Wednesday, July 11, 2012

Know when to hold 'em, Know when to fold 'em, know when to walk away, know when to run!

When you workout, you should always feel better when you're done. If you were stiff, you should feel looser. If you feel achey, you should feel your body opened up. Oh, you may not enjoy the process, but once it's done, you're existence should be better.

Unless your name is Al and you suck at following your own training strategies. Since 2001, I've trained well over 600 people. Unless there has been structural damage of some kind, I have had about a 99% kill ratio against low back pain, knee pain, stiff muscles and the like.

Working with other people.

Trying to take care of myself, I'm probably hitting well below the Mendoza line. Which is .200 for you non baseball aficionados. Basically, hitting .200 means you better know how to say "would you like fries with that" because you will be working a drive thru instead of getting paid to drive in runs.

So, why am I bringing this up you ask? Because I'm trying to save you the hassle I put myself through today feeling tighter after I worked out than before I started.

How, oh great magician of all things muscle, is this possible? Aren't you supposed to be some kind of genius at fixing the masses?

Yes, but my body is a complete mystery to me. Always has been.

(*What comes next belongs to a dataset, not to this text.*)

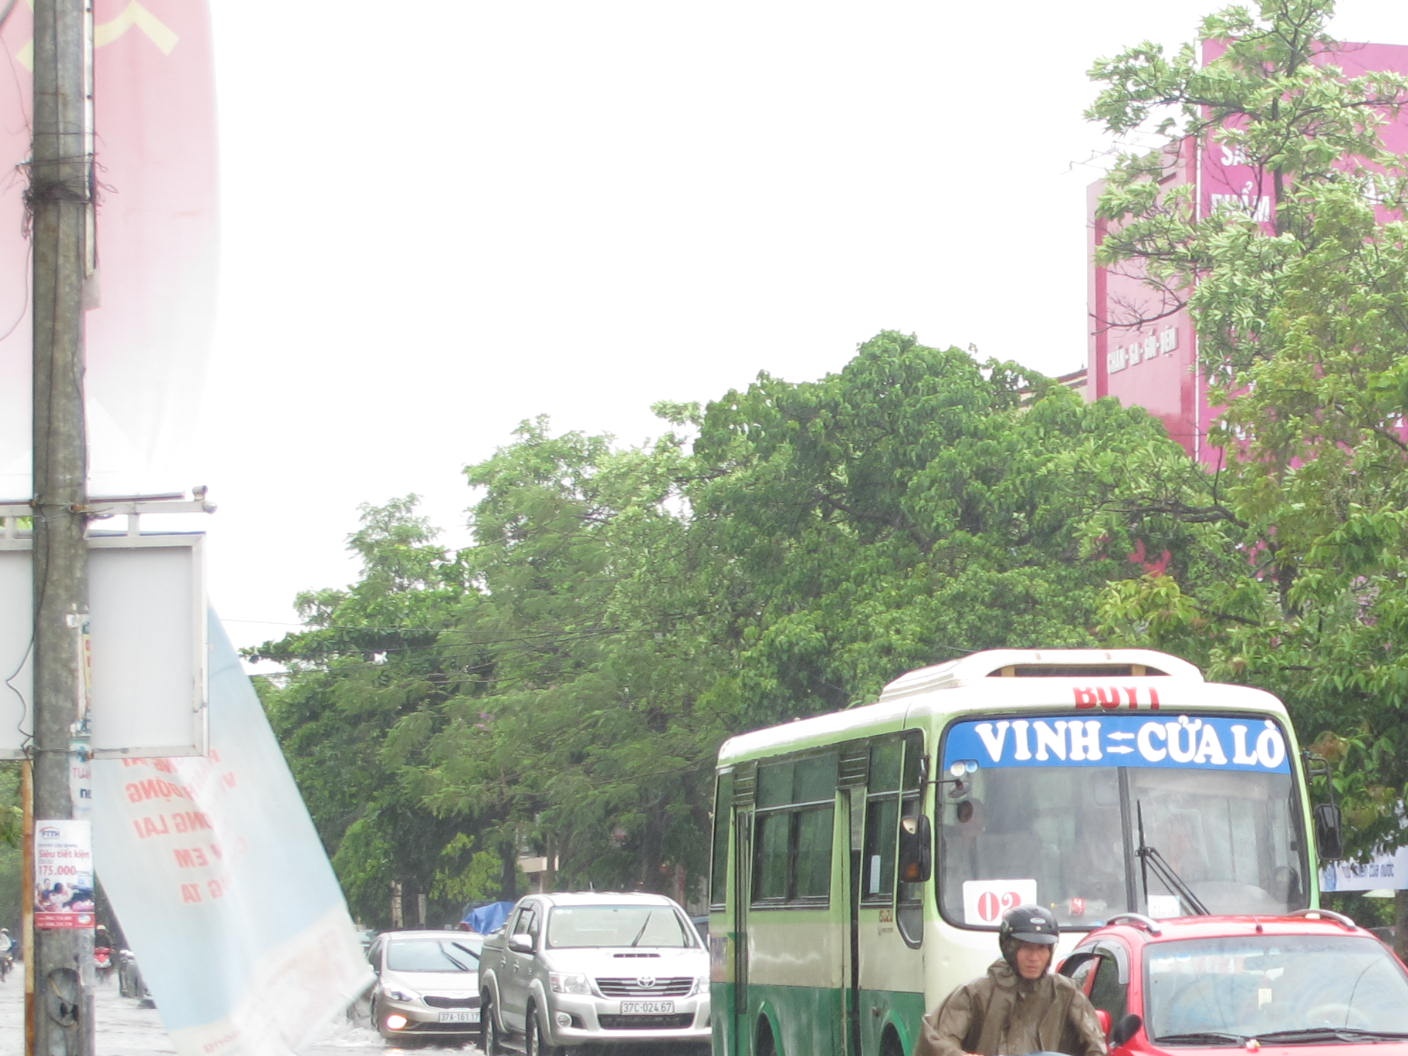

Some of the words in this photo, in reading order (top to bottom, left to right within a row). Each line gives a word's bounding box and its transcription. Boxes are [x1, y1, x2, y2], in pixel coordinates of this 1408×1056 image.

[974, 719, 1103, 763] VINH
[1137, 714, 1228, 766] CỬA
[1230, 719, 1286, 769] LÒ

I know that gluten makes me bloated, but there I am on Monday eating a sandwhich with fluffy rye bread that crushed me. On Monday I PR'd on my deads after eight hours of sleep on Saturday (48 hour lag time between what you do and when it affects you). Monday night, about four hours of sleep looking for Jill's keys because SOMEBODY (who shall remained nameless, COUGH, LHP, COUGH) hid them. Strike two. I then, well, engaged in a pretty repetitive stress activity for my lower body that crushes my mobility Tuesday night. Otherwise known as riding my bike.

When someone's back gets tight from a single leg dead lift exercise, it's typically because the glutes, lats and erectors aren't firing correctly. And in my case today, these muscles were were battling for who was going to work the least. And they were all winning.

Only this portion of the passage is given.